In 2022, our SDLC was very loose and ad-hoc. In 2023, we’ve codified our SDLC. Our SDLC is meant to be flexible while maintaining consistency across the department. Our SDLC guidelines represent sensible defaults, and we hope they will continue to evolve to best serve the teams leveraging them.

Structured teams

At the end of 2023, we had one team of 12, one team of 5, and one team of 2 with QA floating across teams. We’ve since restructured into 3 teams of even size and even staffing.

Job descriptions

I know the engineering team had been working on some job descriptions/matrices, but they never quite made it to fruition. This year, Engineering leadership created measurable job expectations for software engineering levels 1-4. We’ve published these to our team and are using them in our 1:1s and reviews. This gives clarity to both our team members and managers. We’ll be creating similar documents for our managers and QA and DevOps teams in 2024.

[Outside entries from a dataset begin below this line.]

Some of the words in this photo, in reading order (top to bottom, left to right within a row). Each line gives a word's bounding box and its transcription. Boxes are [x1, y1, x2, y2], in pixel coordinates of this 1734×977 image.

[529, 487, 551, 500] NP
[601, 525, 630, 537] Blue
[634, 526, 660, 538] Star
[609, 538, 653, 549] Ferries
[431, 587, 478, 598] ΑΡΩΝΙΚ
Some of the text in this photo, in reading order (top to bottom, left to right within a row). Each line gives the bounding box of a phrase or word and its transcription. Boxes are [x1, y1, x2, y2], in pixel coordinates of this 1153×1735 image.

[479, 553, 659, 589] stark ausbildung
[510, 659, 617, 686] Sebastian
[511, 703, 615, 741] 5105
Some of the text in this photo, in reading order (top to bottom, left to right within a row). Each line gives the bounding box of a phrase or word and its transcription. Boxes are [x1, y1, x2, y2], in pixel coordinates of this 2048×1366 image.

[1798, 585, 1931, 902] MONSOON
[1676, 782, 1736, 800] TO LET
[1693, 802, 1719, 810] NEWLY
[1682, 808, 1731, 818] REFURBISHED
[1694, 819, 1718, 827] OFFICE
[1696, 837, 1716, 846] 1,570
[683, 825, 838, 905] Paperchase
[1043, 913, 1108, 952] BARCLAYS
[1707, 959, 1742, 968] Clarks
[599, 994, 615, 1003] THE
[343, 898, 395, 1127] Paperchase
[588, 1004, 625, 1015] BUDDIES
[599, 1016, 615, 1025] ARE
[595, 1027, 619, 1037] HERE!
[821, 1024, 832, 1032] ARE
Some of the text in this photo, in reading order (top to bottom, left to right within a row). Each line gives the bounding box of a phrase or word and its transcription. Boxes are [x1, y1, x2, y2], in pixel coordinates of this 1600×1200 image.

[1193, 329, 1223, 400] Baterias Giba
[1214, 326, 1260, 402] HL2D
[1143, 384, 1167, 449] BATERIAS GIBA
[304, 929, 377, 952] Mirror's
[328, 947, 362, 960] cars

Consistent meeting schedule

In addition to the meeting guidelines of our SDLC, we’ve also established a monthly department-wide meeting. This meeting is an opportunity to showcase the great work done each month, share department-level information, and keep each other accountable for our organizational goals.

Company-wide bug reporting

Open bug reporting is a sign of engineering team maturity, and in May of 2023, we opened up our bug reporting process to the whole company. We previously had two competing processes. Not only did this reduce transparency and create confusion, but issues reported in the support team’s system had to be verified and triaged before being added to the engineering backlog. This dual process limited visibility into the bug backlog and also skewed reporting.

This has been one of the most remarkable years of my career. Teams rarely see this much evolution in such a short time. I can’t wait to see what interesting enhancements 2024 delivers.